[[ Dataset records, beginning ]]

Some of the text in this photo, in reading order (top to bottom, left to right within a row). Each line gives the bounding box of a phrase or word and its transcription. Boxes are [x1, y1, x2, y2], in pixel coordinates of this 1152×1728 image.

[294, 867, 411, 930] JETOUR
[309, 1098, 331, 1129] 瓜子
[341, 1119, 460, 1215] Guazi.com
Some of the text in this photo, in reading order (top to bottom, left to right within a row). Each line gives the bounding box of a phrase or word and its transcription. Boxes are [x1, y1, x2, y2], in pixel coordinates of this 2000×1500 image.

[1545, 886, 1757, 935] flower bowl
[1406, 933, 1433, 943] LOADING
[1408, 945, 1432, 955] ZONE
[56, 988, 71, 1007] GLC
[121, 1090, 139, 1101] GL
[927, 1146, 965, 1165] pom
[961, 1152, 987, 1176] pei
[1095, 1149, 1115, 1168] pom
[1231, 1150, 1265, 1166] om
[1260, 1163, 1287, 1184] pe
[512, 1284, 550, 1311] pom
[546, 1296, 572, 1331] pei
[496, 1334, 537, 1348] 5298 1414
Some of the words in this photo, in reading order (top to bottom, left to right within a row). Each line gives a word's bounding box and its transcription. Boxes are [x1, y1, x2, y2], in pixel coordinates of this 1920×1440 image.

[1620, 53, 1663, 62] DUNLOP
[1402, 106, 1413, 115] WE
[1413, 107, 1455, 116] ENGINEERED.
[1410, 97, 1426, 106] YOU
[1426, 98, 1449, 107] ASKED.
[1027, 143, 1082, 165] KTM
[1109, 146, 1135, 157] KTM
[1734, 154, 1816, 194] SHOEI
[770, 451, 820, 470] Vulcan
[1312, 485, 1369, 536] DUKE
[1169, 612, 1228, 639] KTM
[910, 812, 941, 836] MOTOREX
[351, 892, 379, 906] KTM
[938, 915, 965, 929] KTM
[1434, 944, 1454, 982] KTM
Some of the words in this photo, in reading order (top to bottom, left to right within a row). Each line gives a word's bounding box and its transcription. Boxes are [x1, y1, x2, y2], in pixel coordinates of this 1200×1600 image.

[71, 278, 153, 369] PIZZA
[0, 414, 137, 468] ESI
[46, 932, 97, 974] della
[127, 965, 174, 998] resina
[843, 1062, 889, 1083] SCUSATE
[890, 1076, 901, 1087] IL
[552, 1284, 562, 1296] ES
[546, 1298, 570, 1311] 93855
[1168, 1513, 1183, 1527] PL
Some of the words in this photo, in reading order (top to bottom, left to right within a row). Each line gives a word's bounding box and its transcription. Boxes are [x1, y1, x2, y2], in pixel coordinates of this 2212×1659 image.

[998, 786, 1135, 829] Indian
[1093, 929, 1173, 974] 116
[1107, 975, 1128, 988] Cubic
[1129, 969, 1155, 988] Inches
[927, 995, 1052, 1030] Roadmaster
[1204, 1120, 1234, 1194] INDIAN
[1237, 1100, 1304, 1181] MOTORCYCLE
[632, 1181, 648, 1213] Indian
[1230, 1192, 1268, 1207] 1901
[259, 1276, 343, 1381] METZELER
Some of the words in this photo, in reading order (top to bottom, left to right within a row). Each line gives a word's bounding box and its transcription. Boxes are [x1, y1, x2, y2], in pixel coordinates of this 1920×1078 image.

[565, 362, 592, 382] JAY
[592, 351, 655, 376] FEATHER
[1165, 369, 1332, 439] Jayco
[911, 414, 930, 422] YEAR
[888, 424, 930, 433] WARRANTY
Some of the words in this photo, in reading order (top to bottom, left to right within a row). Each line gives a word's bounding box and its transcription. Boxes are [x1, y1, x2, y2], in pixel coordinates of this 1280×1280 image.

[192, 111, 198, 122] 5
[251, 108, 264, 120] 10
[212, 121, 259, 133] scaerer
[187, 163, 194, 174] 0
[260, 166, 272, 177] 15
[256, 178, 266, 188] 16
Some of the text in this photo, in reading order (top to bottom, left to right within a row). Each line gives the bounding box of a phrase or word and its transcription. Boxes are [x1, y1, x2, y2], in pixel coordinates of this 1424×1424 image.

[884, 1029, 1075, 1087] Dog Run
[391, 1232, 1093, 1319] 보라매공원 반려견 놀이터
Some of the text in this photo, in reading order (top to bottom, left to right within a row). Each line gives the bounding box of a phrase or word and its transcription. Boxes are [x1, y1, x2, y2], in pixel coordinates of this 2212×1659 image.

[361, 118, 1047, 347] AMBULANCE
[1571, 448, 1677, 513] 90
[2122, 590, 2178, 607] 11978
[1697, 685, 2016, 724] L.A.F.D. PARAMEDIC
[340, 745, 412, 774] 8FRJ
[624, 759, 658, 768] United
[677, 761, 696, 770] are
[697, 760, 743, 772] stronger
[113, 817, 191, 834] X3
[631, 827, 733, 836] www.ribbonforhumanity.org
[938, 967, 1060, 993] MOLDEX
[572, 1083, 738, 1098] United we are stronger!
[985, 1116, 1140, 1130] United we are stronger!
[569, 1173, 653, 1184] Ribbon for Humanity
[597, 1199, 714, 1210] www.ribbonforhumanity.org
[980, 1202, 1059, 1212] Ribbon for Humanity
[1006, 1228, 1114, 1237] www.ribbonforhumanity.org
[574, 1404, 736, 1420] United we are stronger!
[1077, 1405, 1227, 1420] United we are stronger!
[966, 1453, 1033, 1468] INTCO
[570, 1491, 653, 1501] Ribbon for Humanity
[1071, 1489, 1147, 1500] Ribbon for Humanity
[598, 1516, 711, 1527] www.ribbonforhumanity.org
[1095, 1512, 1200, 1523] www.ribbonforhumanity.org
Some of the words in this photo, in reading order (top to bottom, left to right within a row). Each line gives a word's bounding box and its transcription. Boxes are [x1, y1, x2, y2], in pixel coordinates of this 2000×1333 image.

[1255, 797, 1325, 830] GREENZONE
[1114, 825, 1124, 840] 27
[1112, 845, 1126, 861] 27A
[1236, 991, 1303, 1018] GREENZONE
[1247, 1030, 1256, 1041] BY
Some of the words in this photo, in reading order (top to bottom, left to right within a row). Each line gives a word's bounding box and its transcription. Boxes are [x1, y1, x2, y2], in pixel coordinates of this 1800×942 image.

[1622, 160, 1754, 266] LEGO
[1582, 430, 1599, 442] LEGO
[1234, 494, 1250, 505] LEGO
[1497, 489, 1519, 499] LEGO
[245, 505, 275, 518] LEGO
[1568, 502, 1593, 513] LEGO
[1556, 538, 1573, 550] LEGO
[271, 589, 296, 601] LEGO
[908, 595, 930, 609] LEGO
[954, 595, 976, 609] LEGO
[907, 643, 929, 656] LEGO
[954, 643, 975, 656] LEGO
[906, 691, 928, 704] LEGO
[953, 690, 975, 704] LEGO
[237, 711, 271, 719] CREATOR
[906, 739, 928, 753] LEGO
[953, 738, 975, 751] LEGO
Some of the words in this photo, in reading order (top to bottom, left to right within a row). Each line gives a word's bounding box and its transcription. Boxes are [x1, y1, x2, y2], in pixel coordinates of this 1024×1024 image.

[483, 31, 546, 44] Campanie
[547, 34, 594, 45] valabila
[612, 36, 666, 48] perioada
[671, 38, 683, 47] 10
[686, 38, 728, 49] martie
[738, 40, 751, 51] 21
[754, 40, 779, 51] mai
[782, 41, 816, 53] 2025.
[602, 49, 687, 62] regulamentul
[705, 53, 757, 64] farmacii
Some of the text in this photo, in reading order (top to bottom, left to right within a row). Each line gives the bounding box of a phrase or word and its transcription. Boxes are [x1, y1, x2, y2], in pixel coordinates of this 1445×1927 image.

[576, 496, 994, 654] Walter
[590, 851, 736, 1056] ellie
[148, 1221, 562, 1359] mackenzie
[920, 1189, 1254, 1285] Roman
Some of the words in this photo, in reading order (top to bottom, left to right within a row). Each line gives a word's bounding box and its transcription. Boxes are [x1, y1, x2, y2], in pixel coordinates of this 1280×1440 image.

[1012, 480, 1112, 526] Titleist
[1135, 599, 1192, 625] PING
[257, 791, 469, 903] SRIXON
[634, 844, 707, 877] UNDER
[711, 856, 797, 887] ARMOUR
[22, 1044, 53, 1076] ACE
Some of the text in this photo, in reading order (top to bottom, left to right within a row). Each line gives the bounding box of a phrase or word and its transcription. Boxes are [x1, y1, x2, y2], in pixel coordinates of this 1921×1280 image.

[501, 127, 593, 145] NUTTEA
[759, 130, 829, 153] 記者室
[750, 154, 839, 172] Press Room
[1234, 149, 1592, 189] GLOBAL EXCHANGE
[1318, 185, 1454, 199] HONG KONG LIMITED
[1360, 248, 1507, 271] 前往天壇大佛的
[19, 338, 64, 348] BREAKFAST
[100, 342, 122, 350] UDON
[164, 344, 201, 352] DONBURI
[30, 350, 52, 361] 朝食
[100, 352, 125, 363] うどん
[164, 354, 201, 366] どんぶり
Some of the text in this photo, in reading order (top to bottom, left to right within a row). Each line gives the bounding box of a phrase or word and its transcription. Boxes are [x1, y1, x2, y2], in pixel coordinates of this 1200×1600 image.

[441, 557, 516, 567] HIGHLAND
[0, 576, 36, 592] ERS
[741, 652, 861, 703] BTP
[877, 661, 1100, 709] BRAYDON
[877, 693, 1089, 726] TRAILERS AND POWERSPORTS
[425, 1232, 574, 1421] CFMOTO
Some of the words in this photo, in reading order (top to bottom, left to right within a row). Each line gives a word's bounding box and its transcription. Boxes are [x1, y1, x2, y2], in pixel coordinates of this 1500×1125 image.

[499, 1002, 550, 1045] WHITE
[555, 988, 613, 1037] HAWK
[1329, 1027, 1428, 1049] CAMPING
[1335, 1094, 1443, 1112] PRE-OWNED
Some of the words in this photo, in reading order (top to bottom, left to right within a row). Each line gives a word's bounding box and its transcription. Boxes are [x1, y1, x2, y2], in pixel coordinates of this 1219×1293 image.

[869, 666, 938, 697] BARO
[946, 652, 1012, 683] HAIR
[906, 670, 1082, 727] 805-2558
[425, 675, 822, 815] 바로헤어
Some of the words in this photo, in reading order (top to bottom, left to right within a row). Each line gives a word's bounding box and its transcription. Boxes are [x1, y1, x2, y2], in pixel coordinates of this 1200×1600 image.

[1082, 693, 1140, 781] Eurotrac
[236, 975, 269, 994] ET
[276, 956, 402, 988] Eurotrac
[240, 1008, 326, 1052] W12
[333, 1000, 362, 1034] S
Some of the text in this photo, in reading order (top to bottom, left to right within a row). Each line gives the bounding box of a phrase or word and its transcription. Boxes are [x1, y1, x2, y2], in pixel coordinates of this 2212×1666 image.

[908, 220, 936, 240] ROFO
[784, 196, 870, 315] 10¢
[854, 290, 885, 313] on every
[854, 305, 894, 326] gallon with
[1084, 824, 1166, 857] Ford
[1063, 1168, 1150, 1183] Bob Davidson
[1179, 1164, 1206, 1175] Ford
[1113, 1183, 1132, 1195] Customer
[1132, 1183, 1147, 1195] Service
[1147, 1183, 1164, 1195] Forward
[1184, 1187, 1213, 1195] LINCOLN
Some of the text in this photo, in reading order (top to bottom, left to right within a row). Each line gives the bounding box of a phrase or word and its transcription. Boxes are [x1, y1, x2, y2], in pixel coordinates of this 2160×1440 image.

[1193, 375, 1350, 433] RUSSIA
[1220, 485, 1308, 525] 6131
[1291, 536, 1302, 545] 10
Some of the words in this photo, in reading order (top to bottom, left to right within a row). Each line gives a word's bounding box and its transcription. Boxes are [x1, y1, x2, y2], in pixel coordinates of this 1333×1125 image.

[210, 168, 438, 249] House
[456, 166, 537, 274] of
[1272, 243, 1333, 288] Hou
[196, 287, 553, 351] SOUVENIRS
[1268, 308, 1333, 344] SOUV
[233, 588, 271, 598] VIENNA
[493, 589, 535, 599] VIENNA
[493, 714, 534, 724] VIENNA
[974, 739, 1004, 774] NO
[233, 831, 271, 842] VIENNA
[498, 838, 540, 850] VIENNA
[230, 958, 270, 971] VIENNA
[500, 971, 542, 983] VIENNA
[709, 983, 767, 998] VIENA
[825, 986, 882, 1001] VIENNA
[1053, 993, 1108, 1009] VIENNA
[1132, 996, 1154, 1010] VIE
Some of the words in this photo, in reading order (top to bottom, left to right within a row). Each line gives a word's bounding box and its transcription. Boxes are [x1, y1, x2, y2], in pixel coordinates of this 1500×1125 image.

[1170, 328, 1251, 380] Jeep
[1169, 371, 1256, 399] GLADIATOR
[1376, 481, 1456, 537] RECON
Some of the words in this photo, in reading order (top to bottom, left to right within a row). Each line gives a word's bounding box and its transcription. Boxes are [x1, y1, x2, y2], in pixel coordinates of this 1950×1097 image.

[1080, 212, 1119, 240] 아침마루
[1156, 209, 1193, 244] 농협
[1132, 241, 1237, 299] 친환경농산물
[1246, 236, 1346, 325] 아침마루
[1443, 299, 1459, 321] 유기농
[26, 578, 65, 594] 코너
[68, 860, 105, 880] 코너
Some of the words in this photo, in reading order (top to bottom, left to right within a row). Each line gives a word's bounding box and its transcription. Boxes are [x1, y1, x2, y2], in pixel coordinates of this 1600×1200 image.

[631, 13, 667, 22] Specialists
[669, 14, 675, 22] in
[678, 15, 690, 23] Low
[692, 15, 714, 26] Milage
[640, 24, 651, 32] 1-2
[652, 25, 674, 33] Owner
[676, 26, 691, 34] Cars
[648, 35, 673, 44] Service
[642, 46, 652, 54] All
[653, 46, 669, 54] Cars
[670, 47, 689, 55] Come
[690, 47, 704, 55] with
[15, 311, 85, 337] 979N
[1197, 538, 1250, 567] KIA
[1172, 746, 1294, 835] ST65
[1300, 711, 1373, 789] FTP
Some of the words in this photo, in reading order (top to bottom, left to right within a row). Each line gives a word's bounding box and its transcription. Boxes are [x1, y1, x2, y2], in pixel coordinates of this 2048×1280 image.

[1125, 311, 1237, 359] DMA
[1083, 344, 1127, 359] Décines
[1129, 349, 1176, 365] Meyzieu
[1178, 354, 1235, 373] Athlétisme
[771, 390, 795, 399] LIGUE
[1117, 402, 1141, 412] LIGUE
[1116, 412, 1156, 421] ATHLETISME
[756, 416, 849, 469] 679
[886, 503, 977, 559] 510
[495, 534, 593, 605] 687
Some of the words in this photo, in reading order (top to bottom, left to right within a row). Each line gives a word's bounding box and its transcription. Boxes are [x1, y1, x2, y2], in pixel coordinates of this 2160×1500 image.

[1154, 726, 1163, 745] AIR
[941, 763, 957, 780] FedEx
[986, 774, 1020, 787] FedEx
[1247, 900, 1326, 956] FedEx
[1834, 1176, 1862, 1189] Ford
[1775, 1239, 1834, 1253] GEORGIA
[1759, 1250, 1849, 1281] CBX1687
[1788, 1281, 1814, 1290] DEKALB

[[ Dataset records, end ]]

### What you need to do
Which lines run from the one containing "this 1950×1097 image." through the end of the material? Output exactly those lines and no others.

### Written answer
Some of the words in this photo, in reading order (top to bottom, left to right within a row). Each line gives a word's bounding box and its transcription. Boxes are [x1, y1, x2, y2], in pixel coordinates of this 1950×1097 image.

[1080, 212, 1119, 240] 아침마루
[1156, 209, 1193, 244] 농협
[1132, 241, 1237, 299] 친환경농산물
[1246, 236, 1346, 325] 아침마루
[1443, 299, 1459, 321] 유기농
[26, 578, 65, 594] 코너
[68, 860, 105, 880] 코너
Some of the words in this photo, in reading order (top to bottom, left to right within a row). Each line gives a word's bounding box and its transcription. Boxes are [x1, y1, x2, y2], in pixel coordinates of this 1600×1200 image.

[631, 13, 667, 22] Specialists
[669, 14, 675, 22] in
[678, 15, 690, 23] Low
[692, 15, 714, 26] Milage
[640, 24, 651, 32] 1-2
[652, 25, 674, 33] Owner
[676, 26, 691, 34] Cars
[648, 35, 673, 44] Service
[642, 46, 652, 54] All
[653, 46, 669, 54] Cars
[670, 47, 689, 55] Come
[690, 47, 704, 55] with
[15, 311, 85, 337] 979N
[1197, 538, 1250, 567] KIA
[1172, 746, 1294, 835] ST65
[1300, 711, 1373, 789] FTP
Some of the words in this photo, in reading order (top to bottom, left to right within a row). Each line gives a word's bounding box and its transcription. Boxes are [x1, y1, x2, y2], in pixel coordinates of this 2048×1280 image.

[1125, 311, 1237, 359] DMA
[1083, 344, 1127, 359] Décines
[1129, 349, 1176, 365] Meyzieu
[1178, 354, 1235, 373] Athlétisme
[771, 390, 795, 399] LIGUE
[1117, 402, 1141, 412] LIGUE
[1116, 412, 1156, 421] ATHLETISME
[756, 416, 849, 469] 679
[886, 503, 977, 559] 510
[495, 534, 593, 605] 687
Some of the words in this photo, in reading order (top to bottom, left to right within a row). Each line gives a word's bounding box and its transcription. Boxes are [x1, y1, x2, y2], in pixel coordinates of this 2160×1500 image.

[1154, 726, 1163, 745] AIR
[941, 763, 957, 780] FedEx
[986, 774, 1020, 787] FedEx
[1247, 900, 1326, 956] FedEx
[1834, 1176, 1862, 1189] Ford
[1775, 1239, 1834, 1253] GEORGIA
[1759, 1250, 1849, 1281] CBX1687
[1788, 1281, 1814, 1290] DEKALB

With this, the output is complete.